▸ **TRY IT**
When you write out the listing below, keep each word exactly as it stands and drop the pictures.

▸ **SUPPLIED DATA**

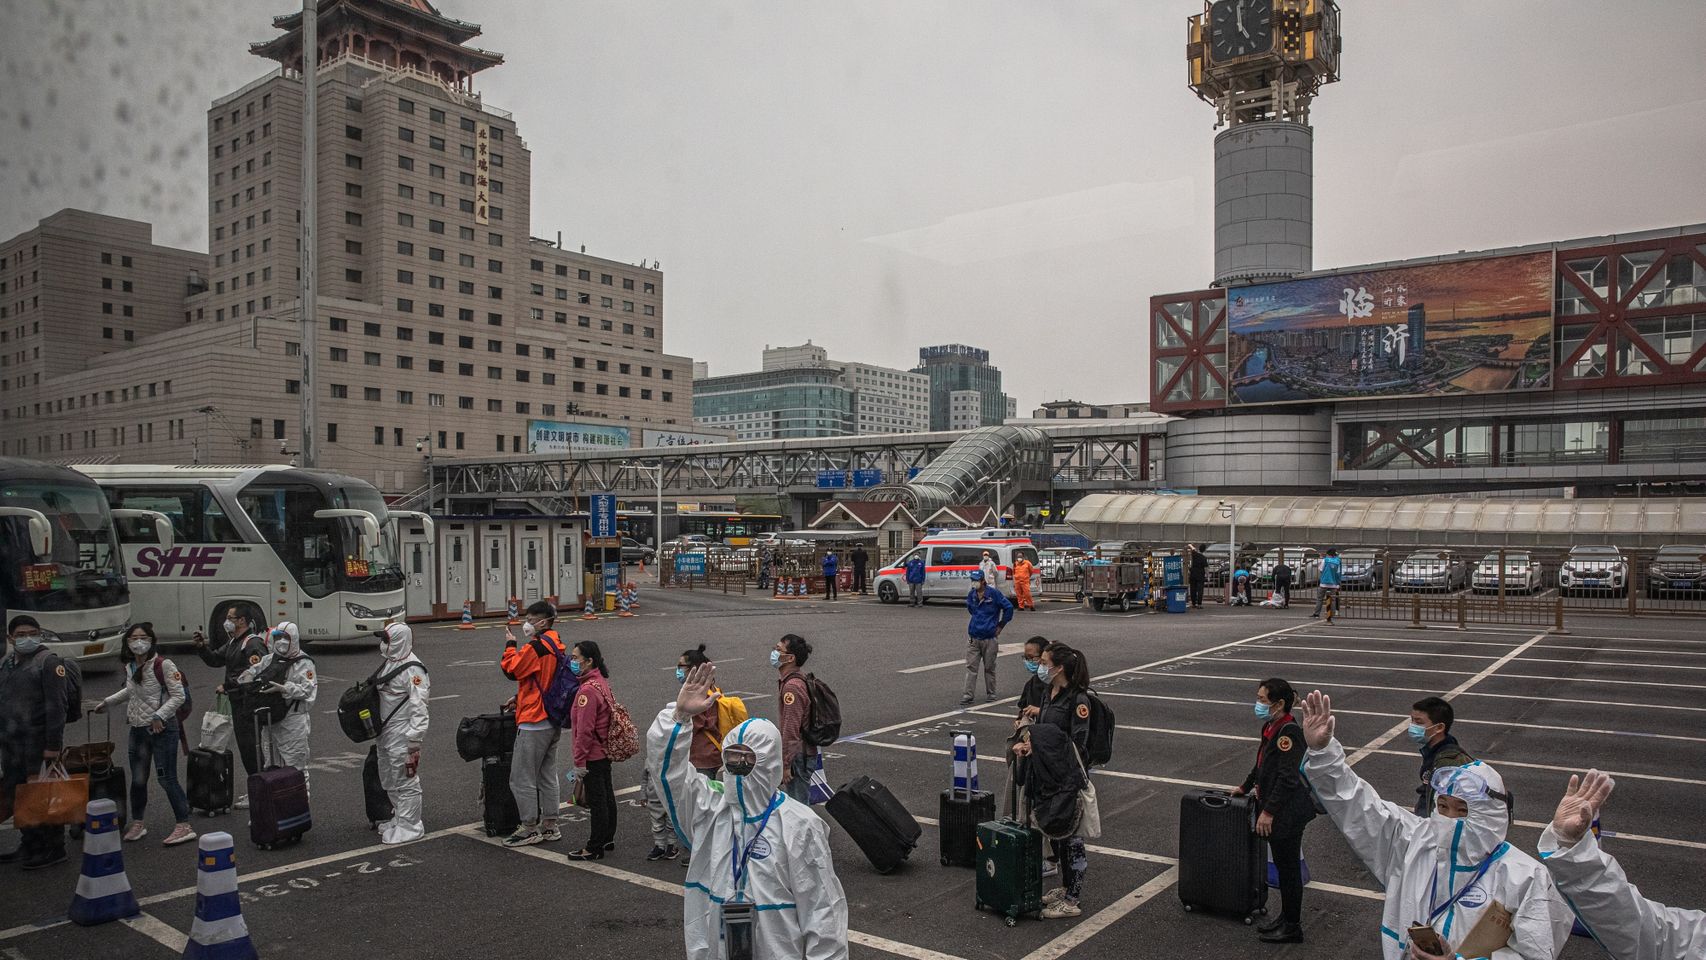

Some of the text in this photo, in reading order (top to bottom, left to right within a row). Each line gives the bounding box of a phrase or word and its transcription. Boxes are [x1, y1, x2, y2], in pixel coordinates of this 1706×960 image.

[477, 129, 488, 220] 北京瑞海大厦
[536, 429, 579, 443] 创建文明城市
[597, 495, 609, 537] 大型车专用出口
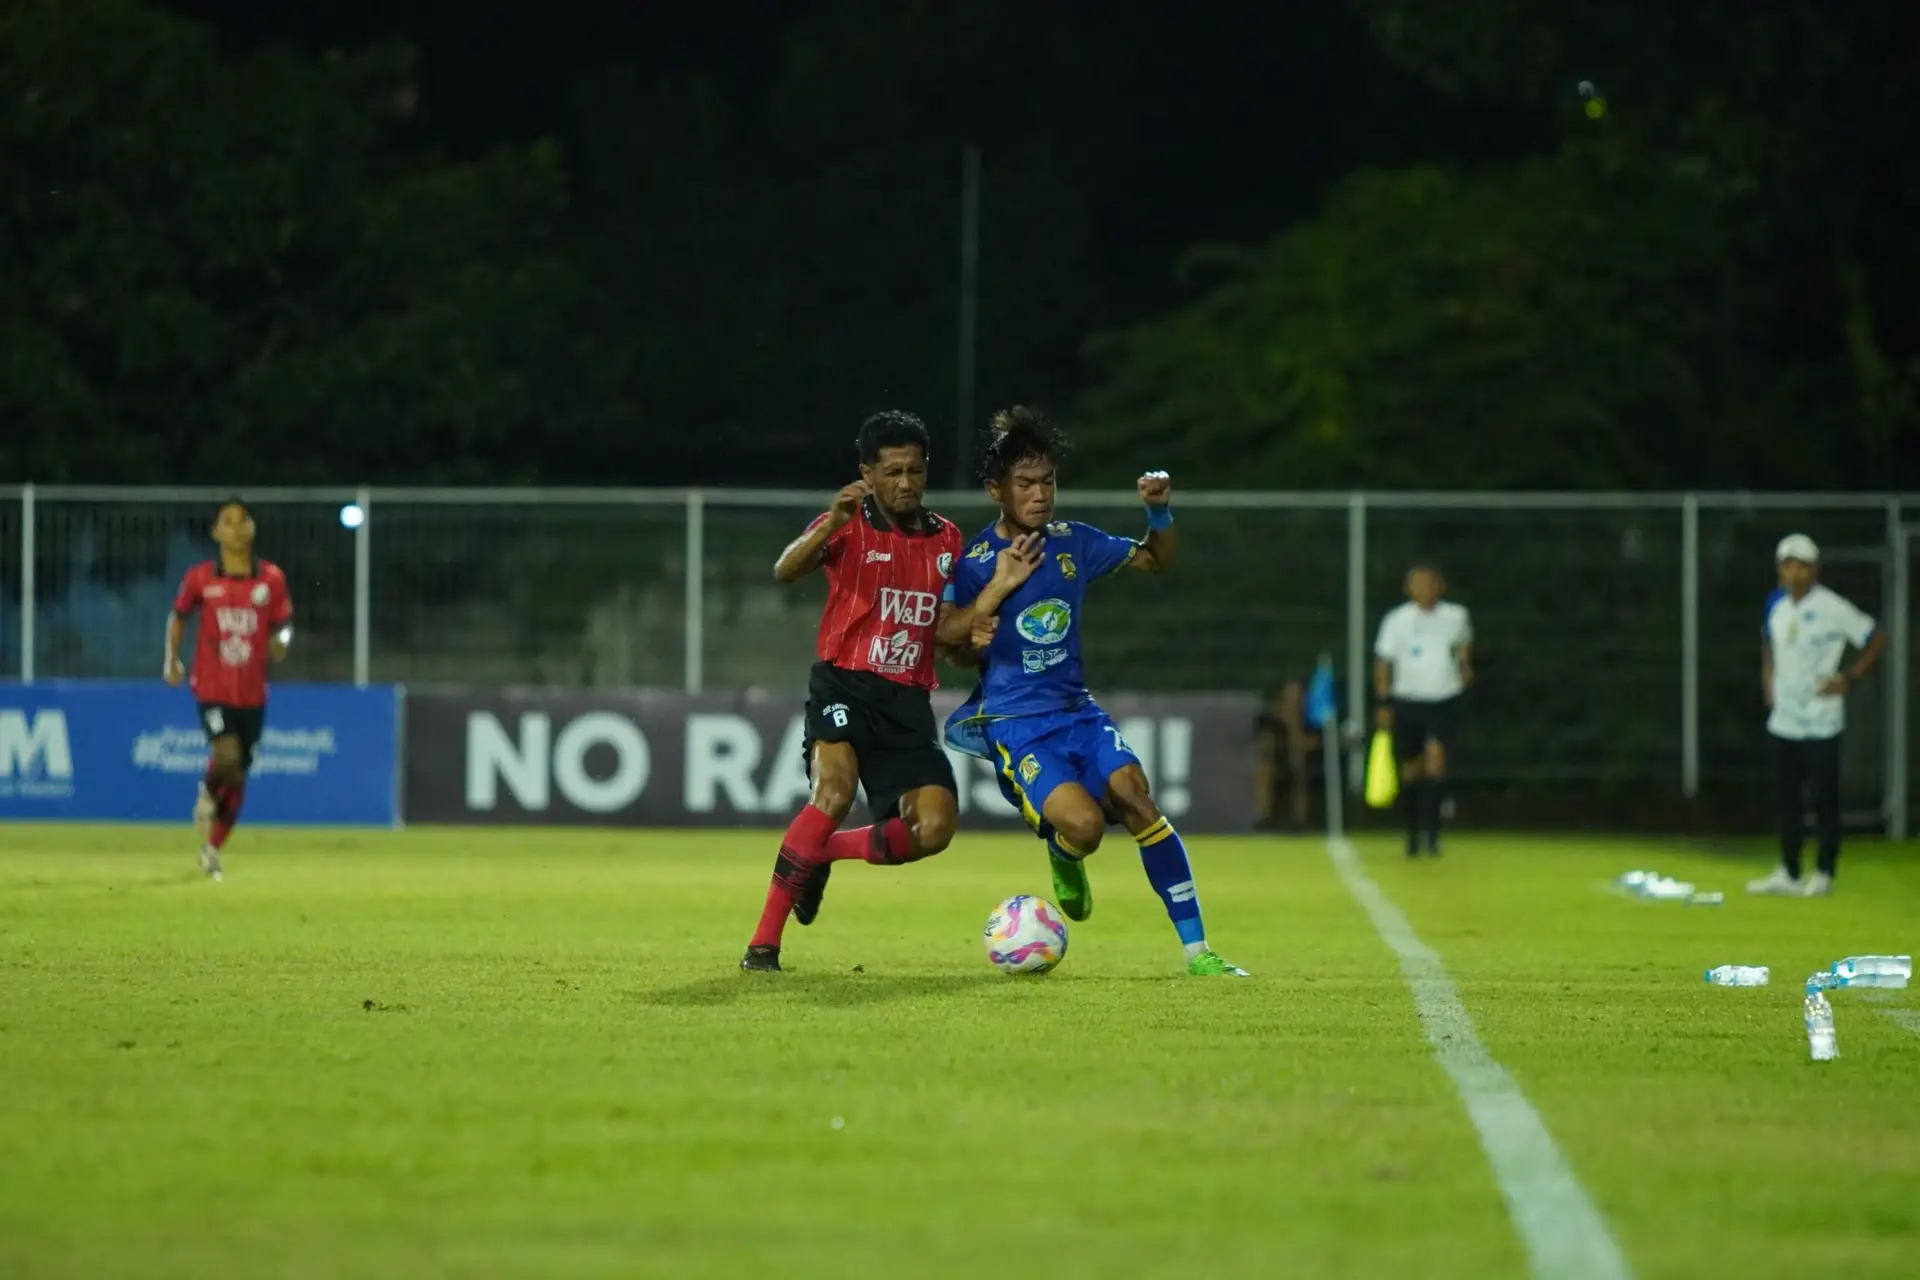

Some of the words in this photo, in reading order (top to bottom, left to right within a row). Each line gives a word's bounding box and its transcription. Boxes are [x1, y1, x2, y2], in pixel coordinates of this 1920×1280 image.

[880, 587, 938, 627] W&B
[870, 638, 920, 667] NZR
[877, 666, 906, 674] GROUP
[832, 708, 848, 728] 8
[465, 711, 652, 813] NO
[684, 712, 1192, 815] RAIS!
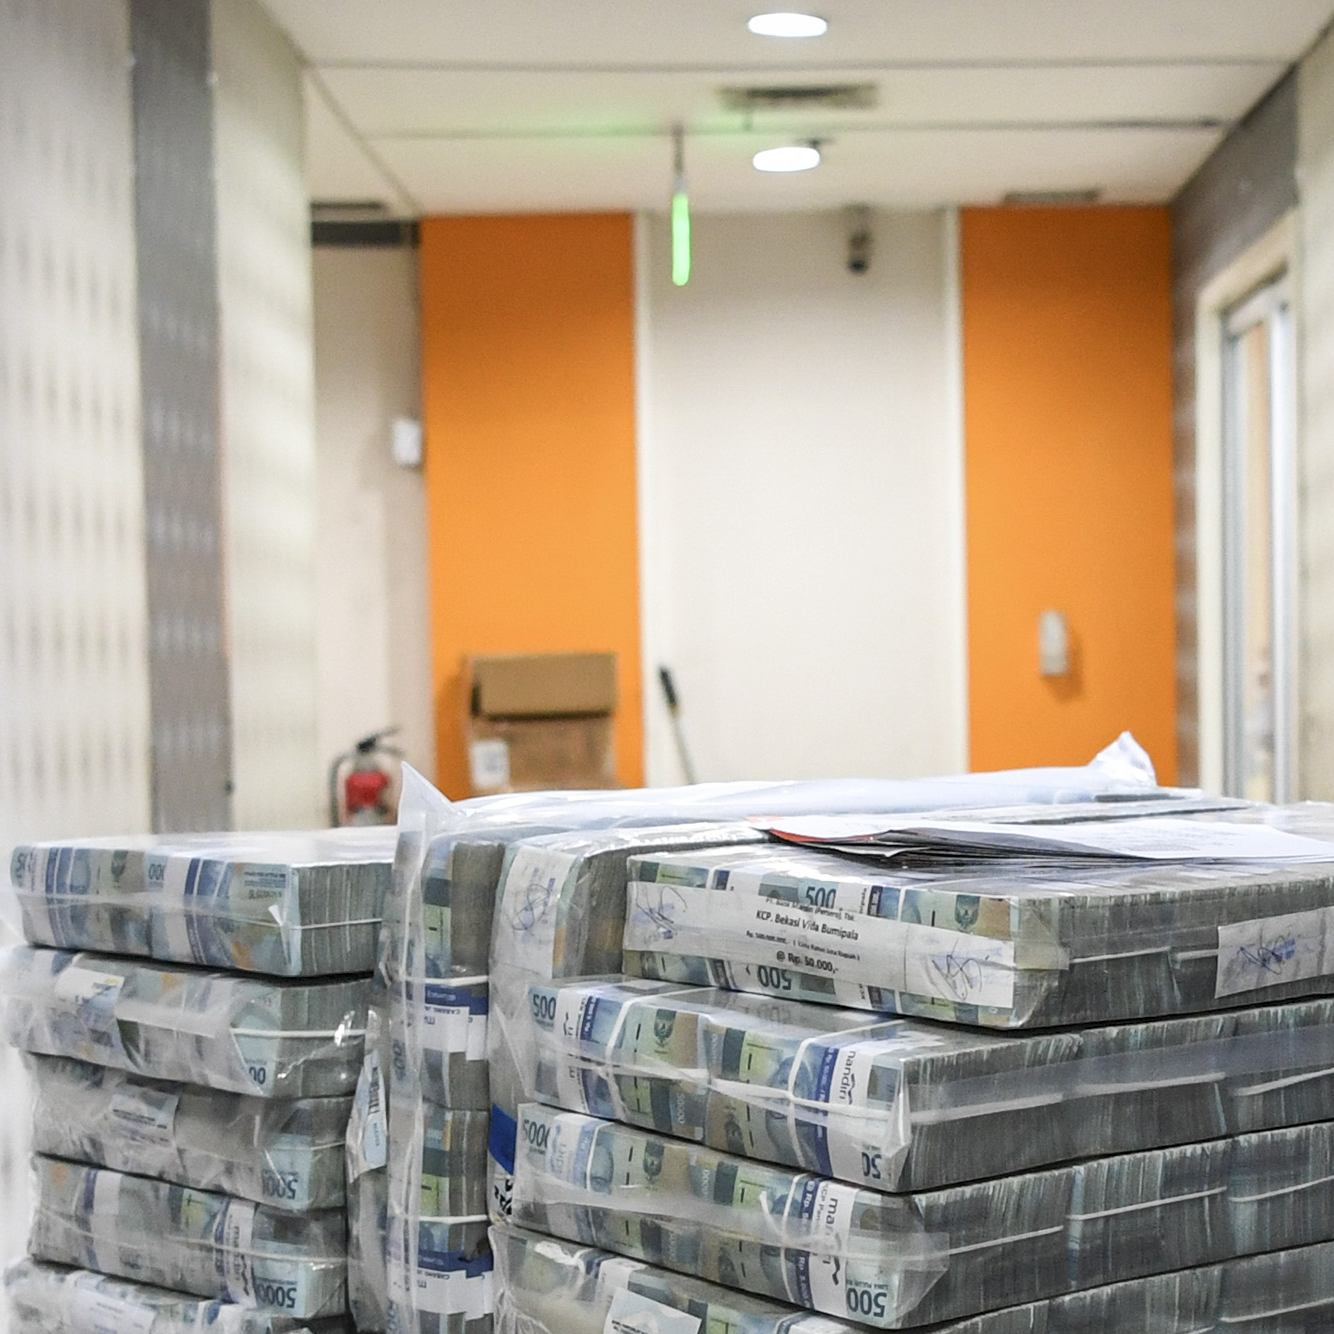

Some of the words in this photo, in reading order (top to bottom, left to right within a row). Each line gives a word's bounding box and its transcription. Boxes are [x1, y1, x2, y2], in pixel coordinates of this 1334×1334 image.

▸ **SOLVED EXERCISE**
Some of the text in this photo, in reading order (top to bottom, left to right within a row). Each line gives the bounding box of a phrase or word and its transcription. Boxes are [x1, y1, x2, y2], in pixel coordinates of this 1706×960 image.

[477, 129, 488, 220] 北京瑞海大厦
[536, 429, 579, 443] 创建文明城市
[597, 495, 609, 537] 大型车专用出口

Some of the words in this photo, in reading order (top to bottom, left to right within a row). Each line gives a word's bounding box and its transcription. Boxes are [x1, y1, x2, y2], in pixel coordinates of this 1920×1280 image.

[880, 587, 938, 627] W&B
[870, 638, 920, 667] NZR
[877, 666, 906, 674] GROUP
[832, 708, 848, 728] 8
[465, 711, 652, 813] NO
[684, 712, 1192, 815] RAIS!

Some of the words in this photo, in reading order (top to bottom, left to right within a row). Each line gives a word's bounding box and its transcription. Boxes are [x1, y1, x2, y2], in pixel coordinates of this 1334×1334 image.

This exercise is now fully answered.